Hi! I am Kat, short for Kathryn Chivers, and I was born with retinitis pigmentosa, a degenerative genetic disease of the retina.
Let me paint a picture for you.
A year or so after the doctor dismissed mum with “tell her to eat her carrots, and she’ll be right”, someone knocked on the door collecting money for research on retinal diseases.
Mum gave them her change, and they gave her a brochure saying, “Hi, my name is Kathy. I am 5 years old, and I am going blind”.
At that time, I went by Kathy, and I was also five years old, so as you can imagine, that doctor received another visit from us!
Soon enough, I was diagnosed with RP.
So growing up, I have had mum in my ear saying, “get out there and see as much as you can, while you still can”, and of course, I have.
- It’s estimated in Australia that one in 3,000 people has RP.
- In addition, 50% of RP patients will have a history of at least one family member being affected, and the other half will not.
- Early symptoms of the RP are night blindness, tunnelling vision, and light sensitivity.
- It’s a debilitating condition that begins in childhood and leads to blindness in patients between 20 and 40
- There are no treatment options besides counselling, but research in this area has recently accelerated.
It’s a good excuse, right?
To not go to uni, get married, have kids, settle down, have a career, a “normal” (boring) life?
Knowing that my sighted days were numbered, I couldn’t live an ordinary, mundane life in the burbs with the same people, doing the same thing at the same places, over and over again.
I needed to see all the things. Do all the things. Feel all the things, just like mum told me. And I did!
By 16, I was working full time, partying full time, driving, travelling, and generally living a full and free life.
By 18, I had already travelled around Australia and to the north island of New Zealand.
Since then, I have been to Japan, Italy, United Arab Emirates, America, Canada, India, and Indonesia. So yes, I visited our closest neighbours last.
From ages 16 to 36, I had independently travelled to eight different countries around the world and lived in Vancouver for three years.
“I needed to see all the things. Do all the things. Feel all the things, just like mum told me. And I did!”
Then, two years after returning from Vancouver, when I was 32, I had cataract surgery.
It was that surgery that was the catalyst for the rapid decline of my disease, and within three years of that surgery, I surrendered my driver’s license. I was deemed legally blind in both eyes by Professor Constable at Lions Eye Institute.
Although the diagnosis initiated a disability pension and NDIS funding, I was not a woman with a disability.
Instead, I was a strong, hyper-independent woman who could do whatever she wanted, whenever she wanted, with whoever she wanted.
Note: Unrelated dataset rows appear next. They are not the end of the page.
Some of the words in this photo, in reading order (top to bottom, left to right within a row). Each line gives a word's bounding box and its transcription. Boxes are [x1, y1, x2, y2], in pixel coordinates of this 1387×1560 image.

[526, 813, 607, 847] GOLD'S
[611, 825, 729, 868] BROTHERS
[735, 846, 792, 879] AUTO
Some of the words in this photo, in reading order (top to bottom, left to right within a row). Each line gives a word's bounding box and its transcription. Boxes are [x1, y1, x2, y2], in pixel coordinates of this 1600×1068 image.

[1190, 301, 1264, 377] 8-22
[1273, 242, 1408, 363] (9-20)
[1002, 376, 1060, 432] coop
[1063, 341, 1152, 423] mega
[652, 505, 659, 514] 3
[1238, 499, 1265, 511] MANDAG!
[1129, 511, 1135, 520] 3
Right?
Within a few months, I found myself curled in a ball of anxiety and panic at the front door of my house, unable to go to work.
I was a parts interpreter for Toyota then, so it was 9 hours of fast-paced, high-stress computer work daily.
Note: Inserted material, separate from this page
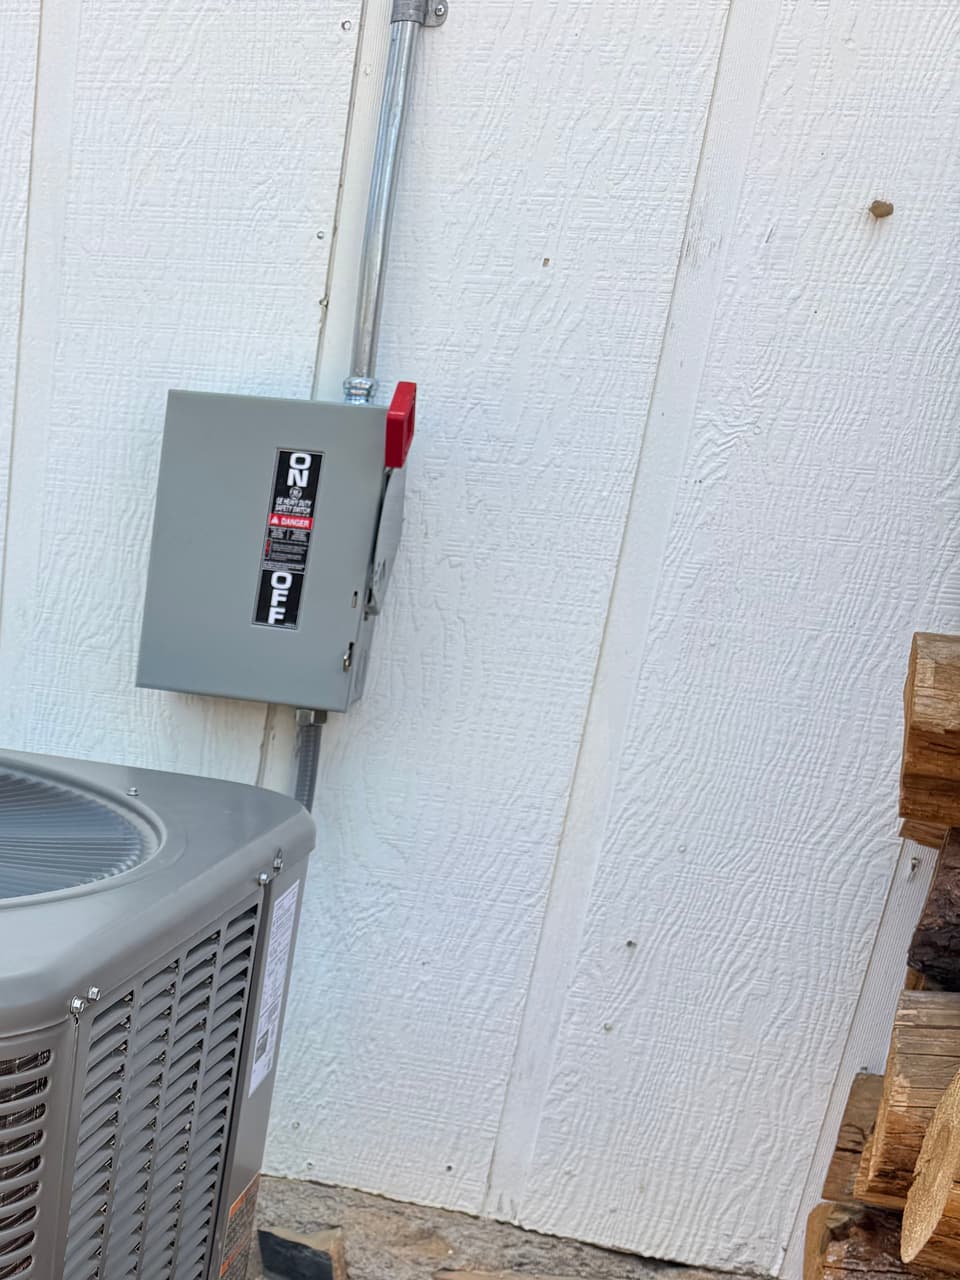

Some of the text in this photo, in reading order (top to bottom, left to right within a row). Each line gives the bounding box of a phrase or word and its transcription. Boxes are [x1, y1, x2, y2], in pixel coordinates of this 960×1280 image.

[287, 452, 312, 487] ON
[281, 517, 309, 528] DANGER
[268, 571, 292, 624] OFF
I was getting migraines that lasted weeks, crying for hours every night in the shower, deep in a hole I knew I couldn’t get out of alone.
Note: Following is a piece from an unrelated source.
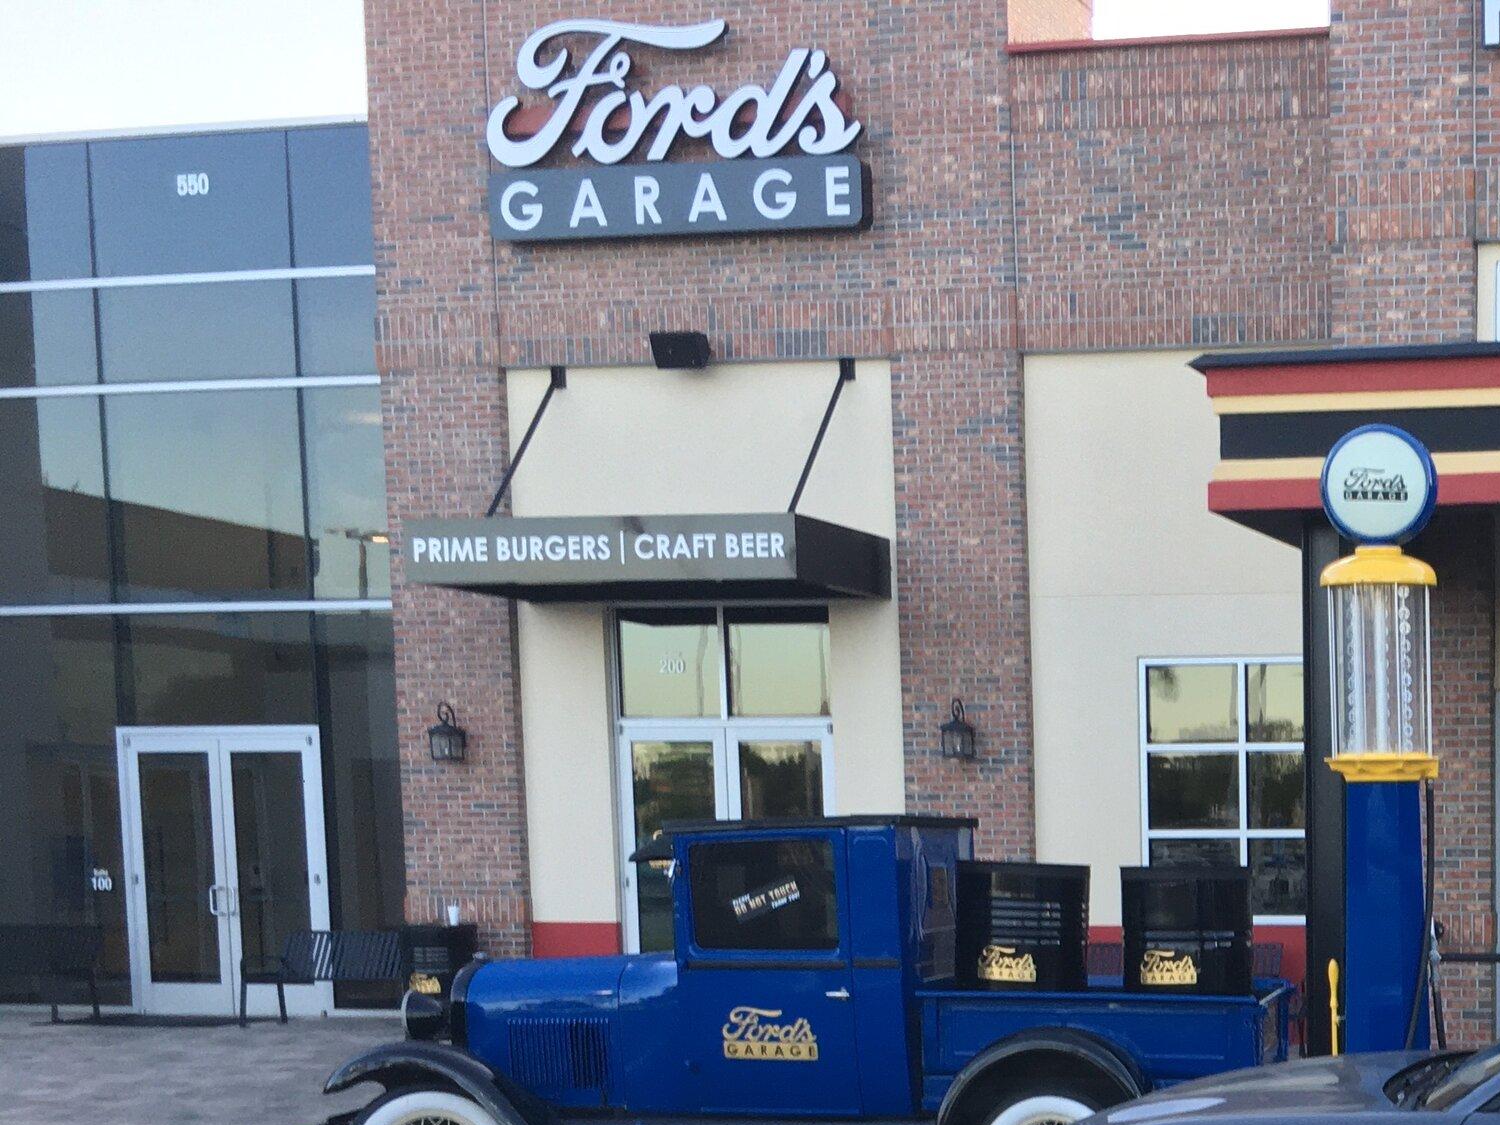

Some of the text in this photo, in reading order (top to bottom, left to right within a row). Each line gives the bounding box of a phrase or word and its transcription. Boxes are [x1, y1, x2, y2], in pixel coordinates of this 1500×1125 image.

Then, the universe came to my rescue.
Gavyn and I had booked a three-week holiday in Europe to attend his cousin’s wedding, but the pre-start bill on the house we had just finished building in South Guildford meant we weren’t going anywhere.
The same three weeks we had booked off work were the same three weeks my local yoga studio was running their first yoga teacher training.
I had wanted to be a yoga teacher since the first class I attended in Vancouver in 2012, and if this divine timing wasn’t enough of a universal push in the right direction, then I don’t know what is!
I did the training, quit my job at Toyota, and started teaching classes from the conveniently sizeable back room of the new house we had just built.
And it worked!
Since then, I’ve rolled with the highs and lows of small biz, and here I stand today.
My life is not what I had in mind for myself, even though I’ve always been aware of my condition.
I expected to be that hyper-independent, strong, and inspiring young woman forever.
And yes, I still get to be strong and inspiring, but I can’t do it alone.
Instead, I now have a team of people helping me “do life”
Over the last six or so years that I’ve been seeing my psychologist, I’ve leant that forcing positivity rather than allowing grief to come to the surface is a surefire way to cultivate anxiety and panic attacks. I know now that on the other side of grief is peace and pride, and the only way to get there is straight through its guts. Uncomfortable, but oh so worth it.
I have taught yoga, run medicine drum workshops, sound healing events, day retreats, meditation, and all things self-care and well-being. I hope to spend the next few years upskilling and growing, so I can continue show others that life can still be lived with a diagnosis.
3 thoughts on “Living with a genetic eye disease – Retinitis Pigmentosa”
Beautiful read
Kat, I took a few classes with you years back and your energy struck a cord – you made a lasting impression!
This is so lovely to hear- thank you so much! xx